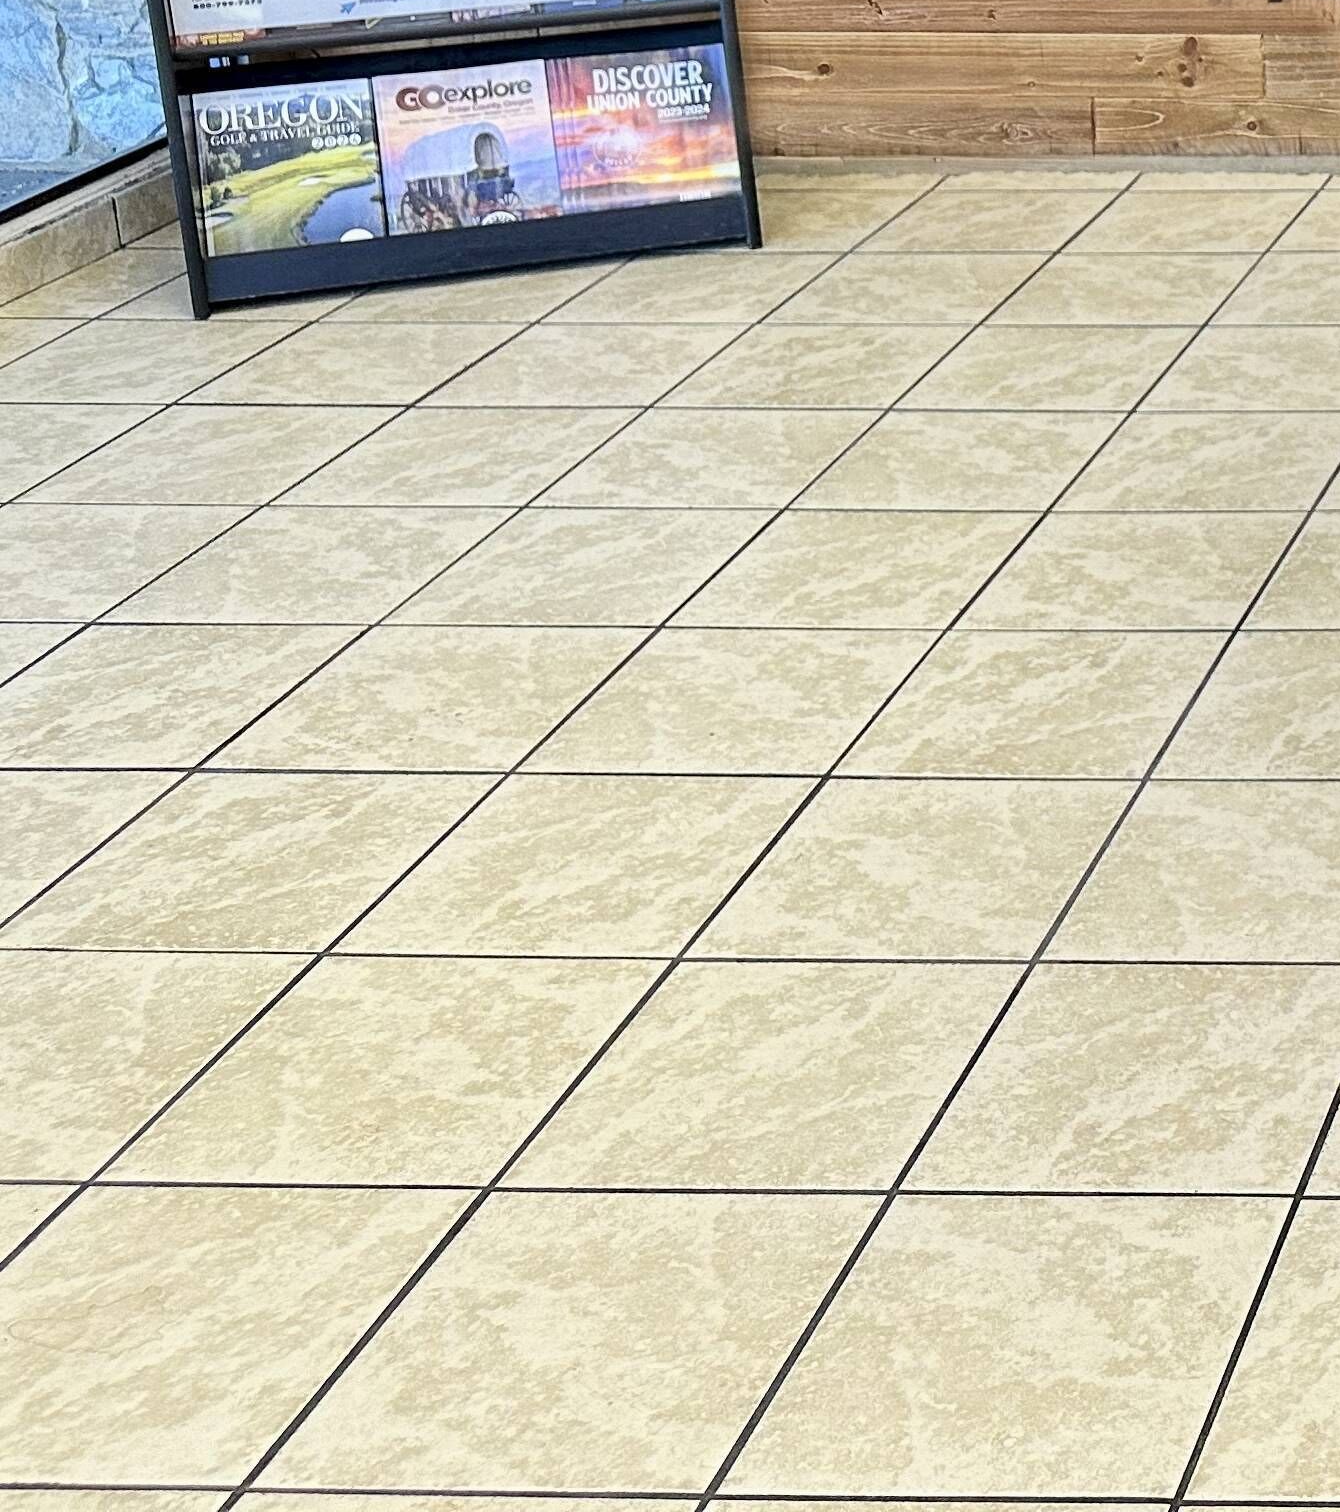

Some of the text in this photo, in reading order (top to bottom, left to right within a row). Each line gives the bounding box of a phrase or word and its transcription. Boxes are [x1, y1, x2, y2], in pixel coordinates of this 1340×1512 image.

[592, 60, 704, 93] DISCOVER
[586, 83, 713, 112] UNION COUNTY
[657, 103, 711, 120] 2023-2024
[199, 93, 364, 136] OREGON
[210, 123, 360, 147] GOLF & TRAVEL GUIDE
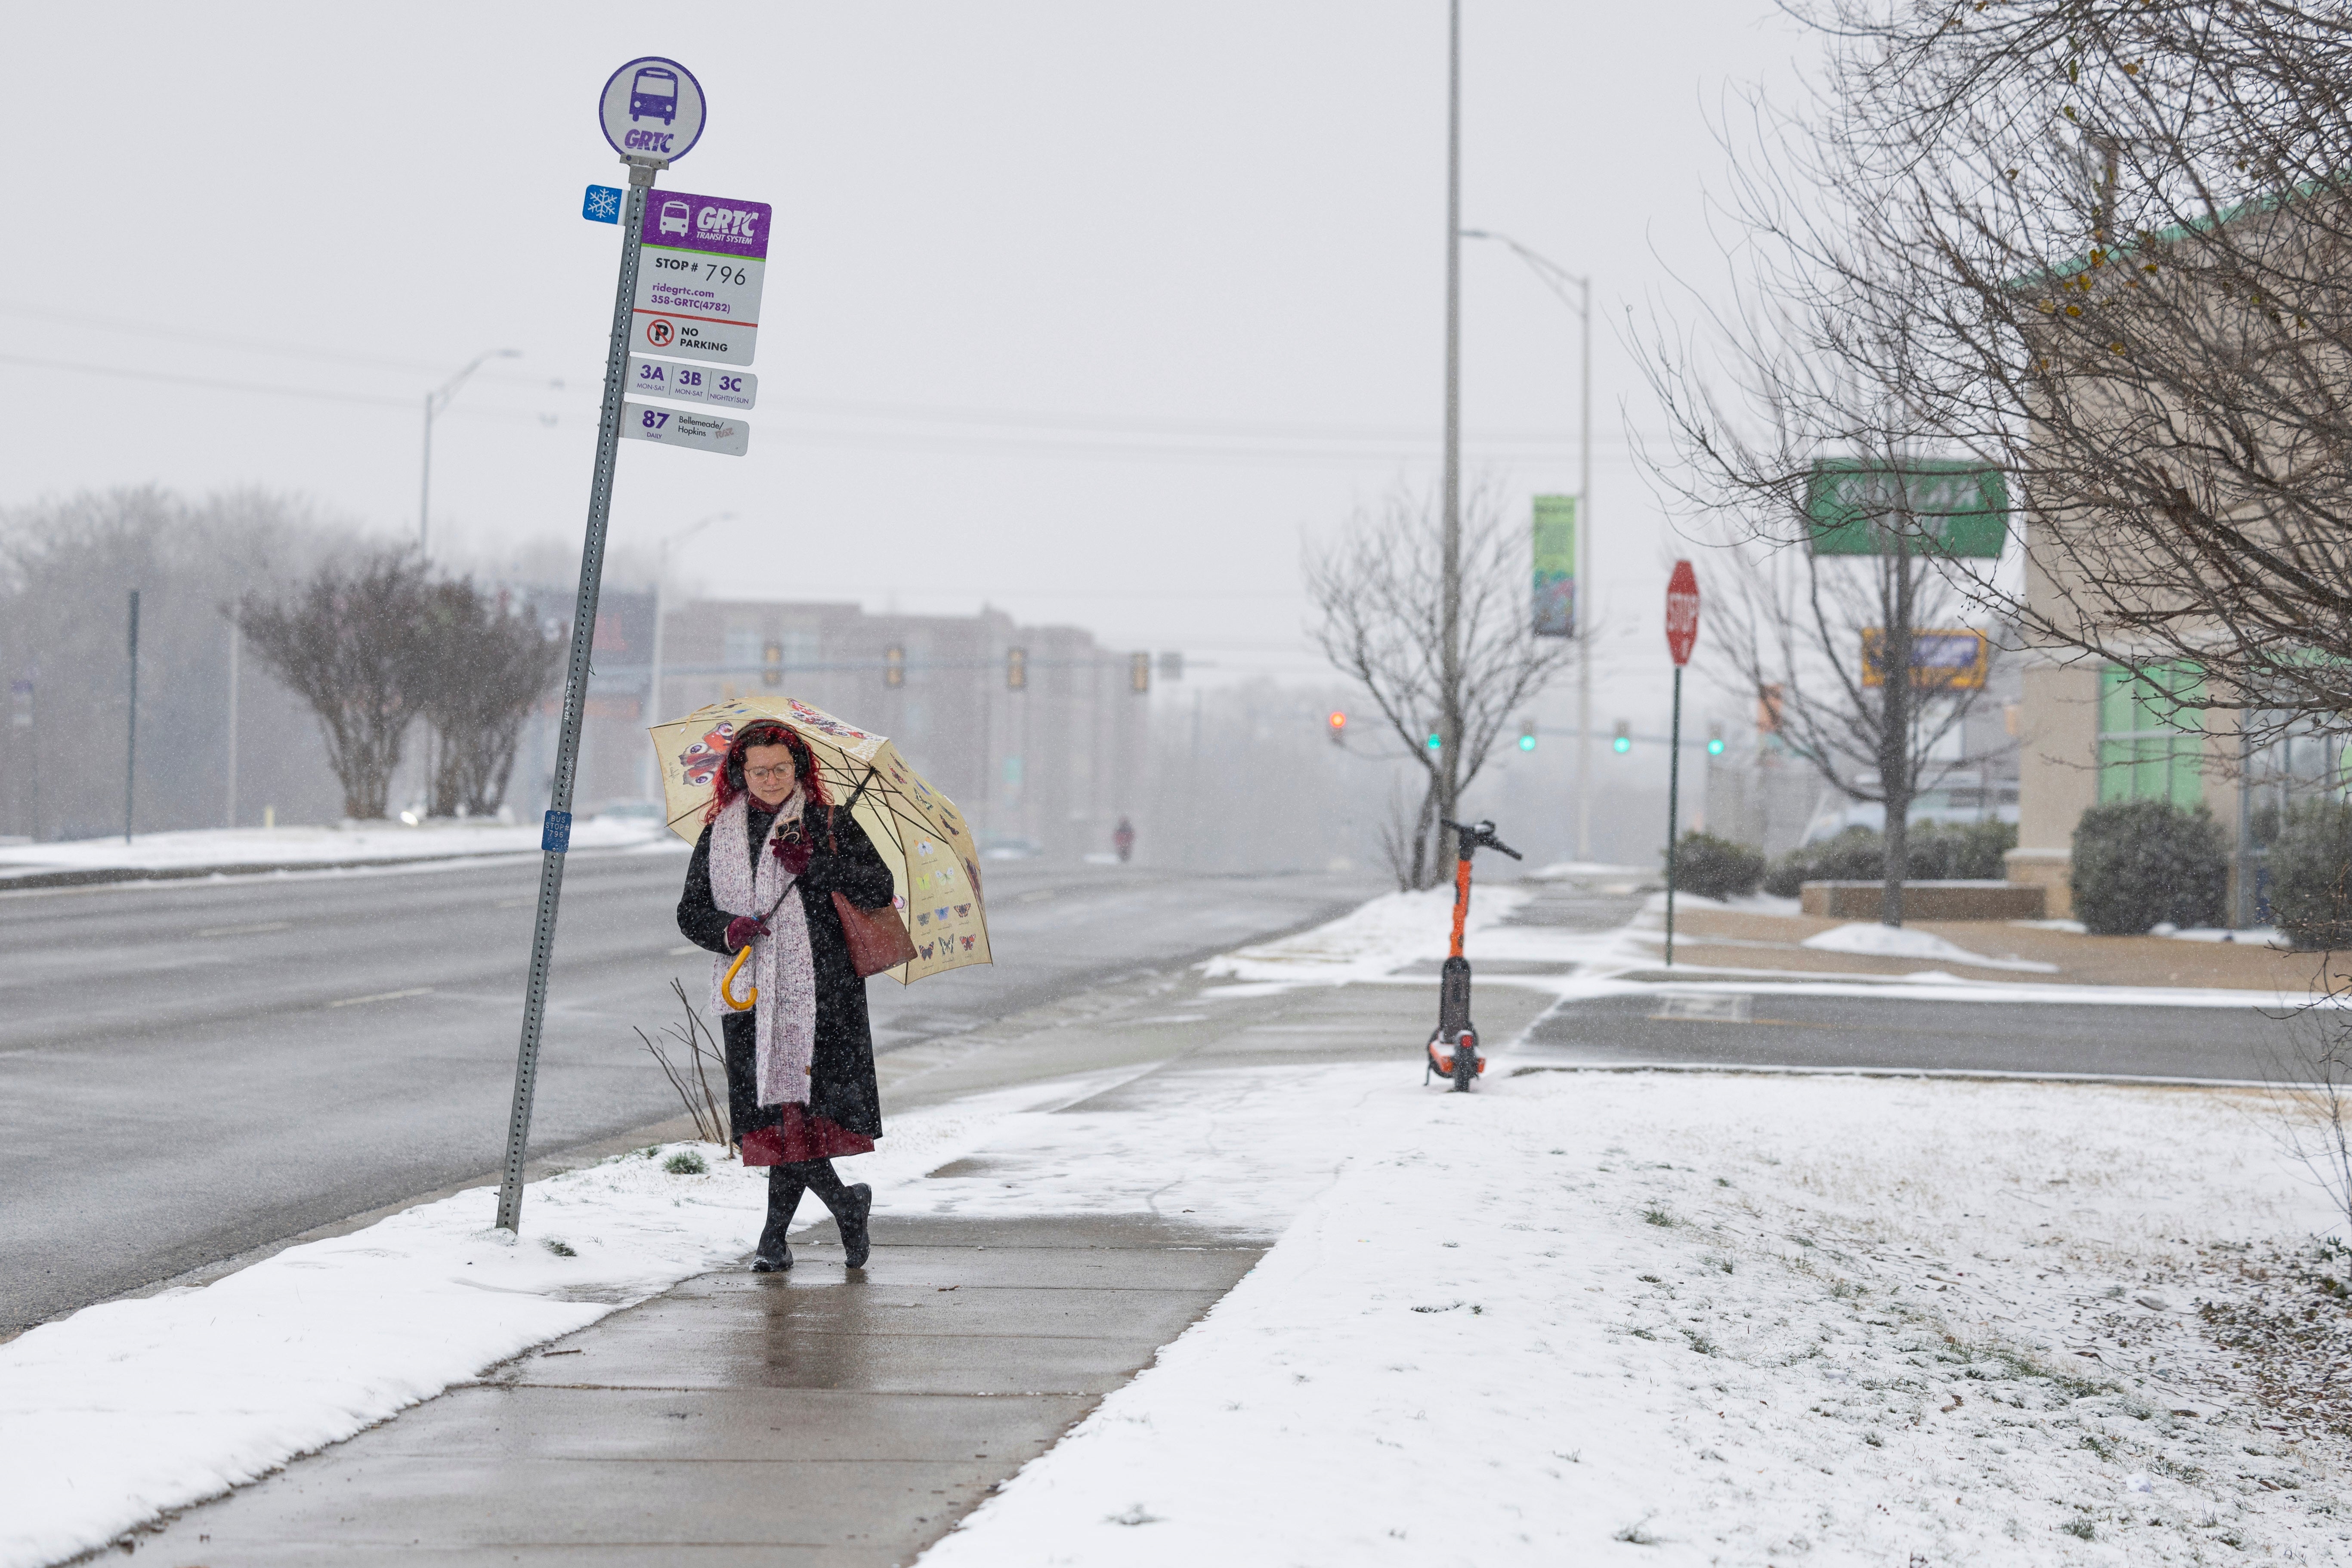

+---+

Copy out the data above exactly, except the pictures.

» **The answer**
Some of the text in this photo, in reading order (top to bottom, left to right within a row). Each line gives the bounding box of a phrase or word and its transcription. Boxes are [x1, y1, x2, y2], in pixel coordinates of this 1340×1512 image.

[592, 60, 704, 93] DISCOVER
[586, 83, 713, 112] UNION COUNTY
[657, 103, 711, 120] 2023-2024
[199, 93, 364, 136] OREGON
[210, 123, 360, 147] GOLF & TRAVEL GUIDE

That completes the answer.